Martin Møller Skarbiniks Pedersen
2017-Nov-30 14:27 UTC
[R] Help avoiding setting column type two times
Hi,
I think and hope this a good place to ask for code review for a R
beginners?
I have made a R script which generates a dataset based on 2009 danish
referendum and it does work.
But I think the code could be better and I would any comments how the
code can be improved.
At least I would like to know how I avoid converting several of the
columns to factors in the end of the code?
Description of the code:
It reads a lot of xml-files from ../raw/ and saves a data.frame with
information
from these xml-files.
In the ../raw/ directiory I have placed the xml-files which I got from
"Statistics Denmark"
I have also put these xml-files on my website and they can be download
freely from http://20dage.dk/R/referendum-2009/raw.tar.gz
The code is below but I have also put the code at this place:
http://20dage.dk/R/referendum-2009/convert_from_xml.R
Best Regards
Martin M. S. Pedersen
-------
library(xml2)
convert_one_file <- function(url) {
x <- read_xml(url)
Sted <- xml_find_first(x, ".//Sted")
StedType <- xml_attr(Sted, "Type")
StedTekst <- xml_text(Sted)
Parti <- xml_find_all(x, ".//Parti")
PartiId <- xml_attr(Parti, "Id")
PartiBogstav <- xml_attr(Parti, "Bogstav")

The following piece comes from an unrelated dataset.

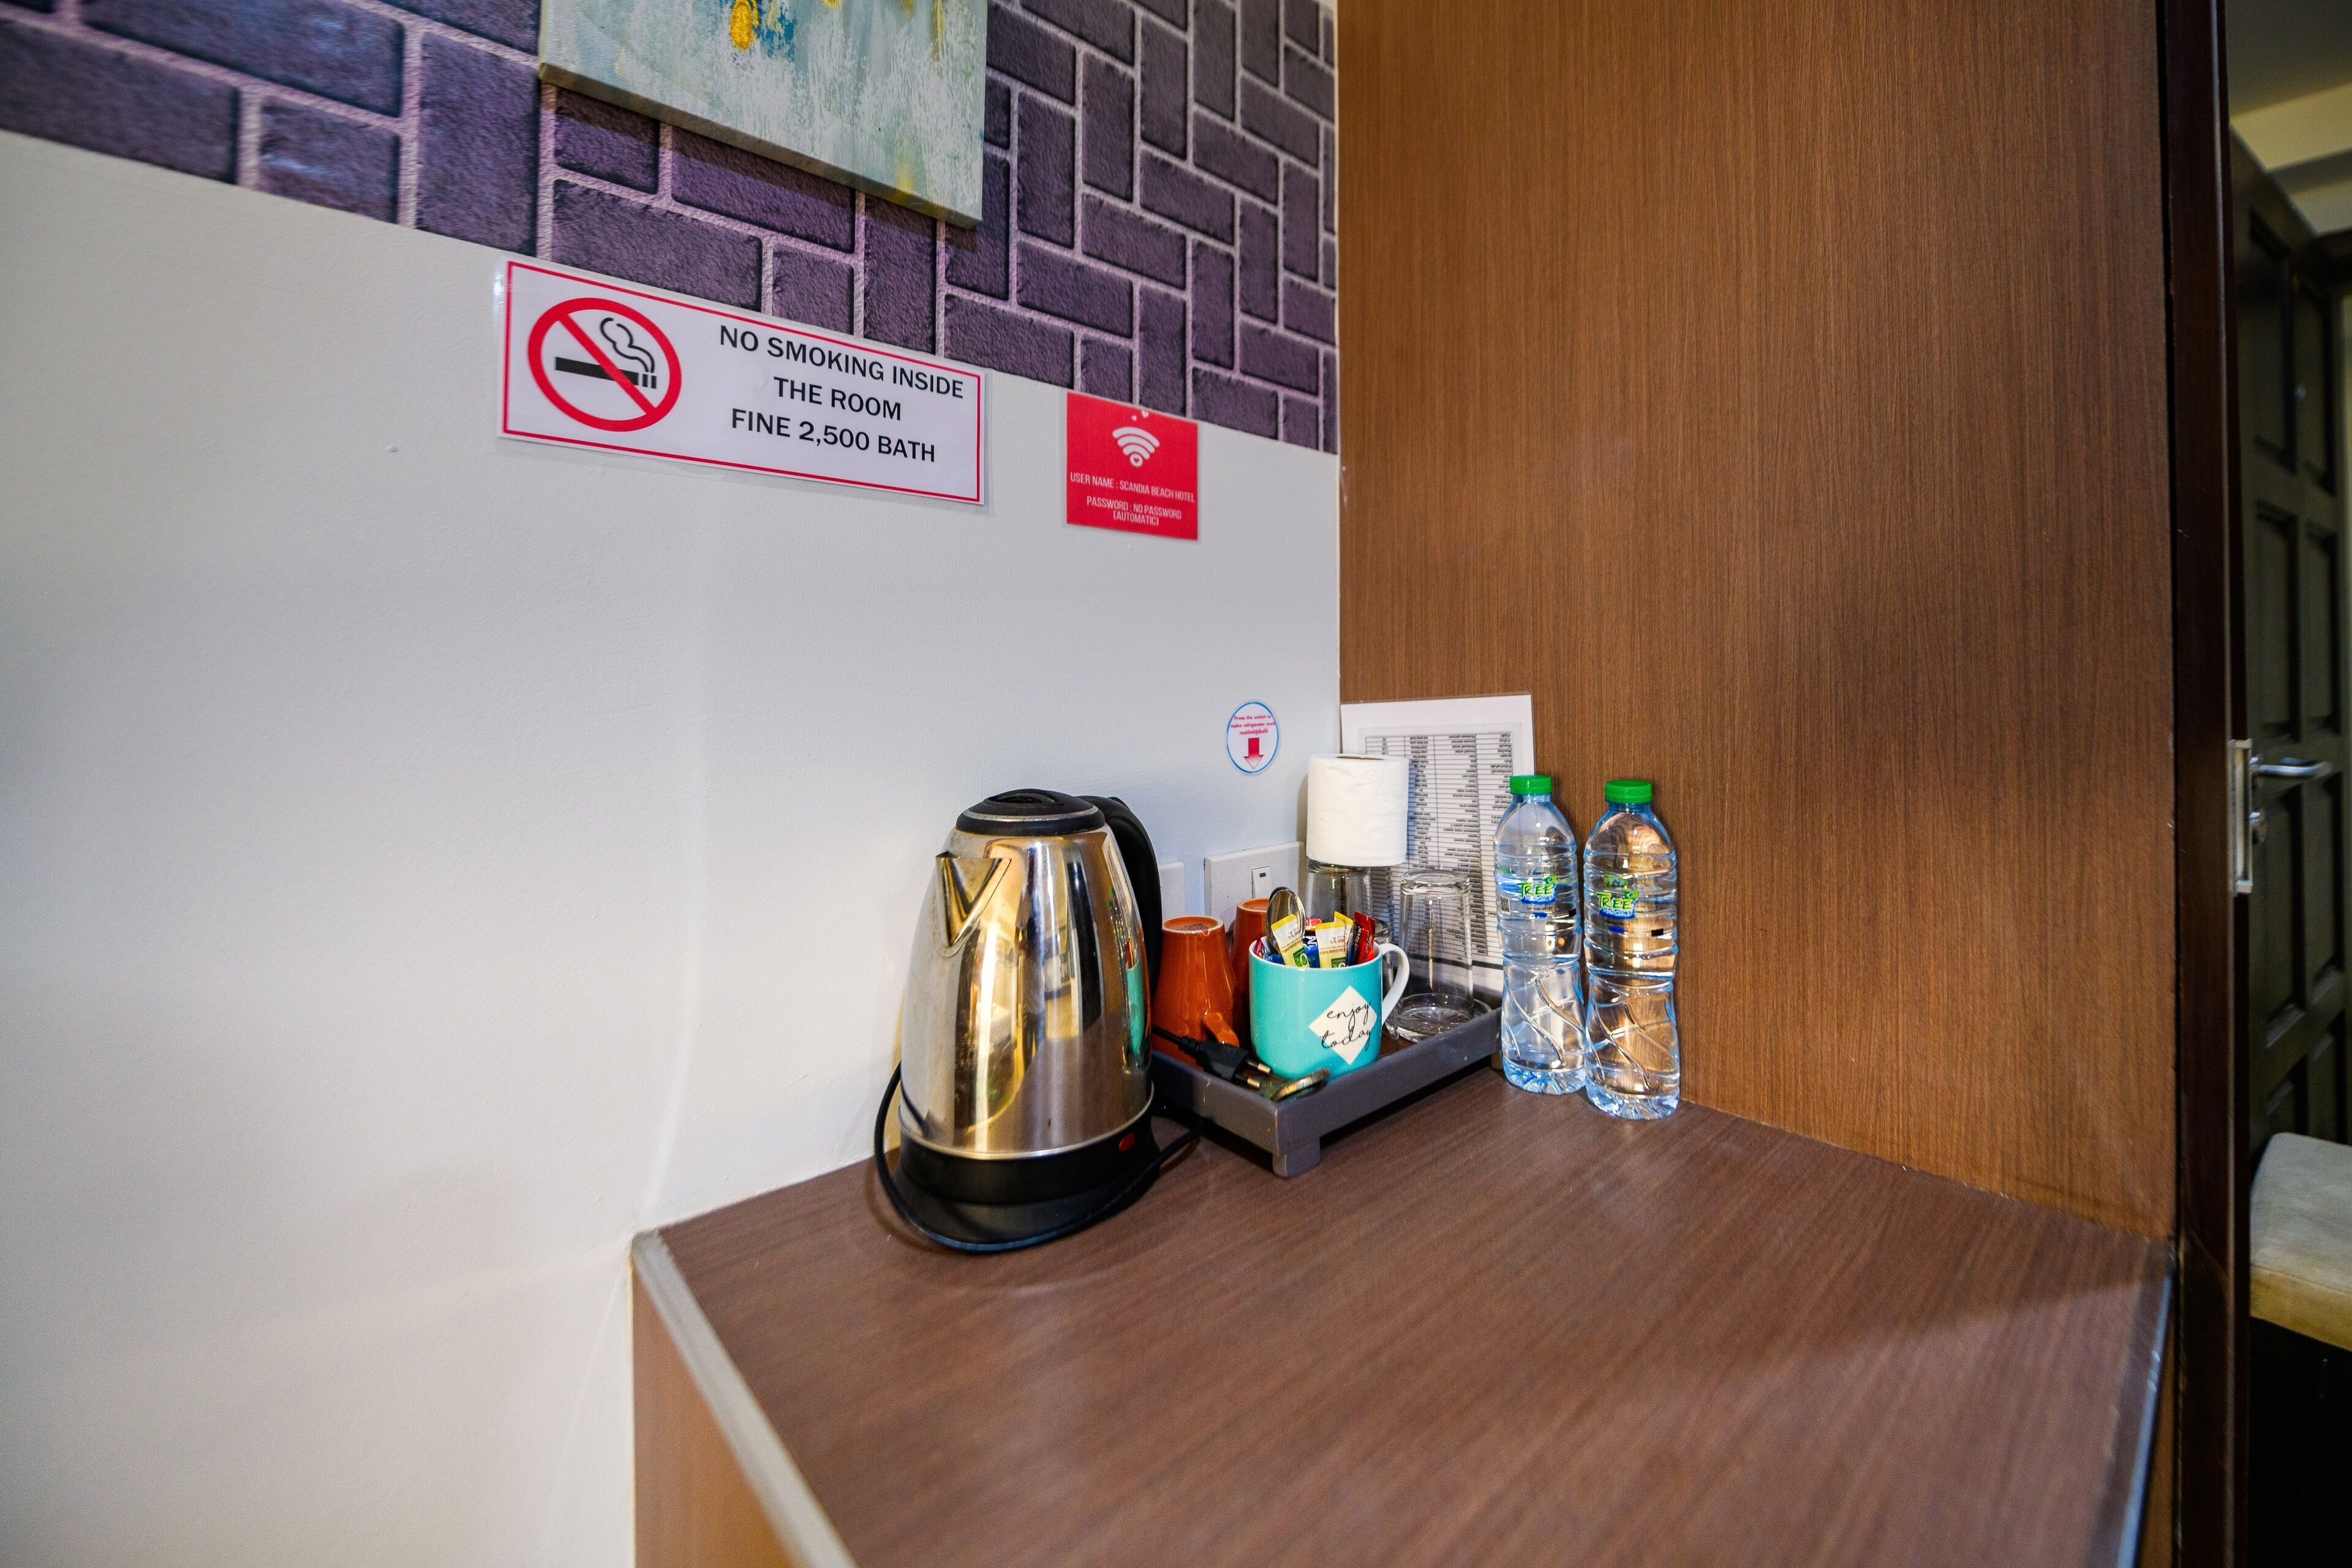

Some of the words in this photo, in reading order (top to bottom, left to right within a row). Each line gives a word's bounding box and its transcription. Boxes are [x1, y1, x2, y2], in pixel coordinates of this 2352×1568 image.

PartiNavn <- xml_attr(Parti, "Navn")
StemmerAntal <- xml_attr(Parti, "StemmerAntal")
Stemmeberettigede <- xml_integer(xml_find_first(x,
".//Stemmeberettigede"))
DeltagelsePct <- xml_double(xml_find_first(x,
".//DeltagelsePct"))
IAltGyldigeStemmer <- xml_integer(xml_find_first(x,
".//IAltGyldigeStemmer"))
BlankeStemmer <- xml_integer(xml_find_first(x,
".//BlankeStemmer"))
AndreUgyldigeStemmer <- xml_integer(xml_find_first(x,
".//AndreUgyldigeStemmer"))
data.frame(cbind(StedType, StedTekst, PartiId, PartiBogstav, PartiNavn,
StemmerAntal, Stemmeberettigede, DeltagelsePct,
IAltGyldigeStemmer,
BlankeStemmer, AndreUgyldigeStemmer), stringsAsFactors = FALSE)
}
raw_path <- "../raw"
filenames <- dir(path = raw_path, pattern = "fintal_.*", full.names
= T)
result <- data.frame(StedType = factor(),
StedTekst = character(),
PartiId = factor(),
PartiBogstav = factor(),
PartiNavn = factor(),
StemmerAntal = integer(),
Stemmeberettigede = integer(),
DeltagelsePct = numeric(),
IAltGyldigeStemmer = integer(),
BlankeStemmer = integer(),
AndreUgyldigeStemmer = integer(),
stringsAsFactors = FALSE)
for (i in 1:length(filenames)) {
#cat(paste0(filenames[i],"\n"))
returnCode <- tryCatch({
result <- rbind(result, convert_one_file(filenames[i]))
}, error = function(e) {
cat(paste0(filenames[i]," failed:\n",e,"\n"))
})
}
result$StedType <- as.factor(result$StedType)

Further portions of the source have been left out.